DATA UNDER STUDY:
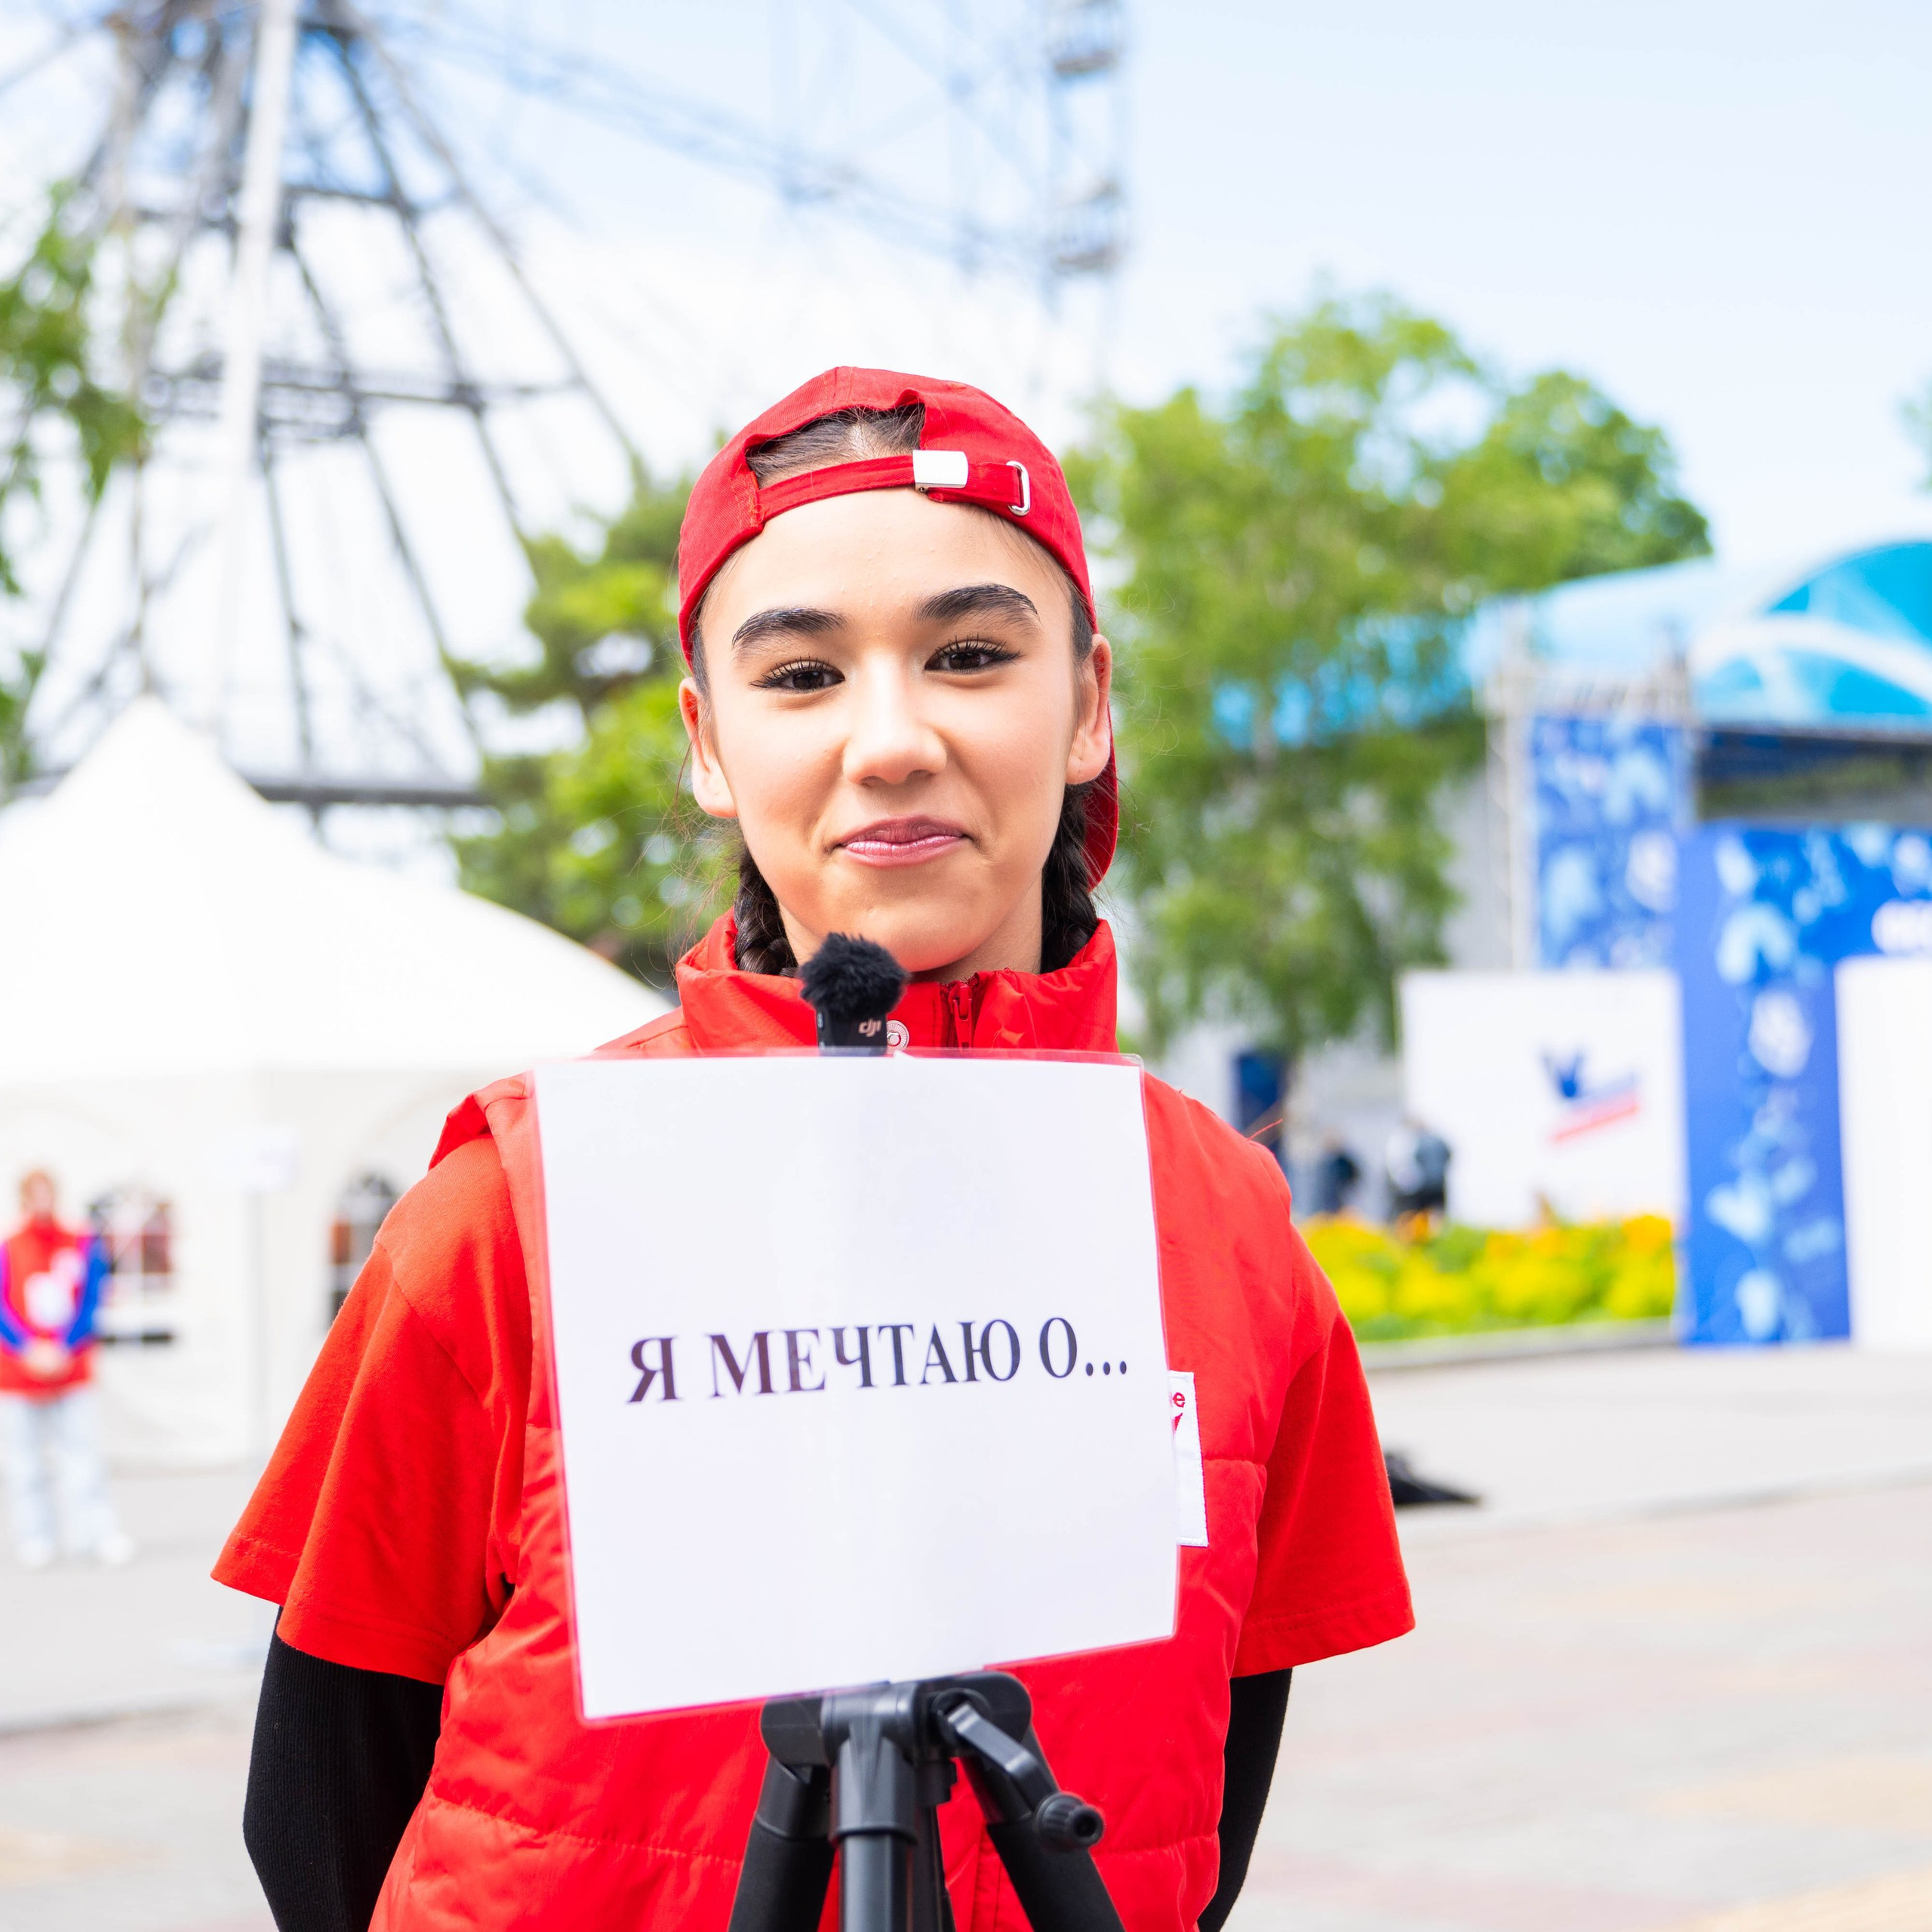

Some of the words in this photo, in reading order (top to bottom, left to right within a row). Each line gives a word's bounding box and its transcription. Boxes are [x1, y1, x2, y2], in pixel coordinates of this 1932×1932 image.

[859, 1018, 882, 1037] dji
[626, 1335, 682, 1404] Я
[706, 1318, 1022, 1398] МЕЧТАЮ
[1038, 1317, 1128, 1379] О...
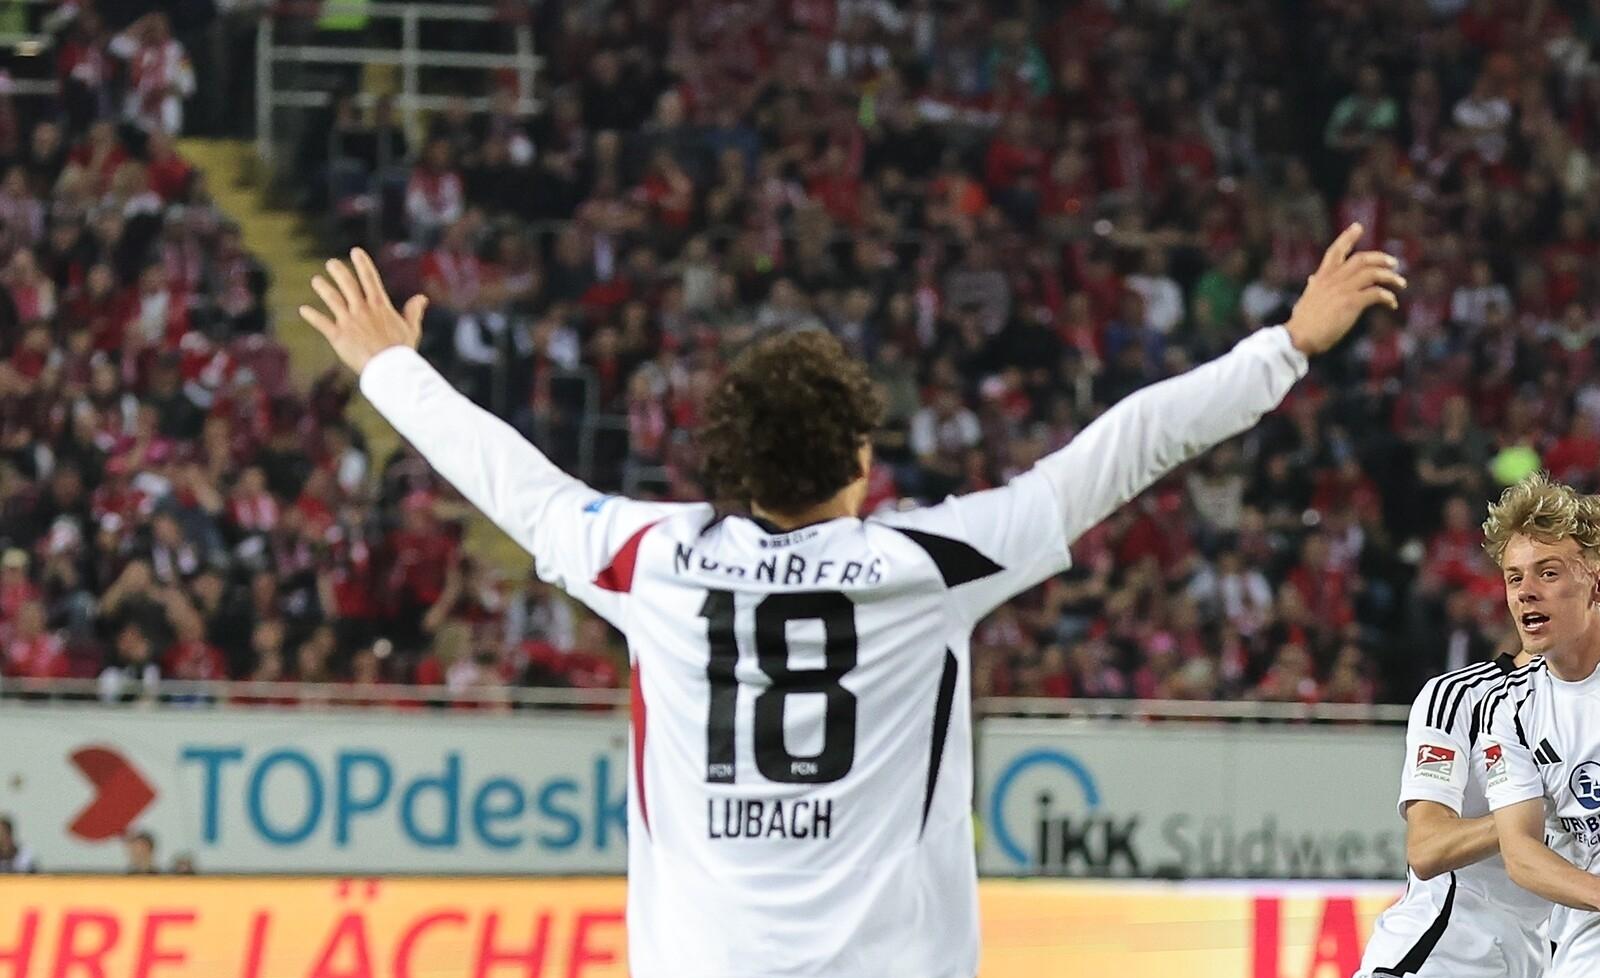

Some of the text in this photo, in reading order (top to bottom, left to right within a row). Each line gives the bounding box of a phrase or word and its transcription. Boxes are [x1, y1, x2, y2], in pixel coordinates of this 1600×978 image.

YOUR GOAL:
Word for word, quote the full listing, omitting every picture.

EXPECTED OUTPUT:
Some of the words in this photo, in reading order (top to bottom, left to right within a row). Each line gives a word's bounding box and its transcription. Boxes are [x1, y1, x2, y2], in pixel coordinates of this 1932×1932 image.

[859, 1018, 882, 1037] dji
[626, 1335, 682, 1404] Я
[706, 1318, 1022, 1398] МЕЧТАЮ
[1038, 1317, 1128, 1379] О...

Some of the text in this photo, in reading order (top to bottom, left to right within a row). Each line gives the bounding box of a phrase or word and its transcription. Boxes are [x1, y1, x2, y2], in pixel coordinates of this 1600×978 image.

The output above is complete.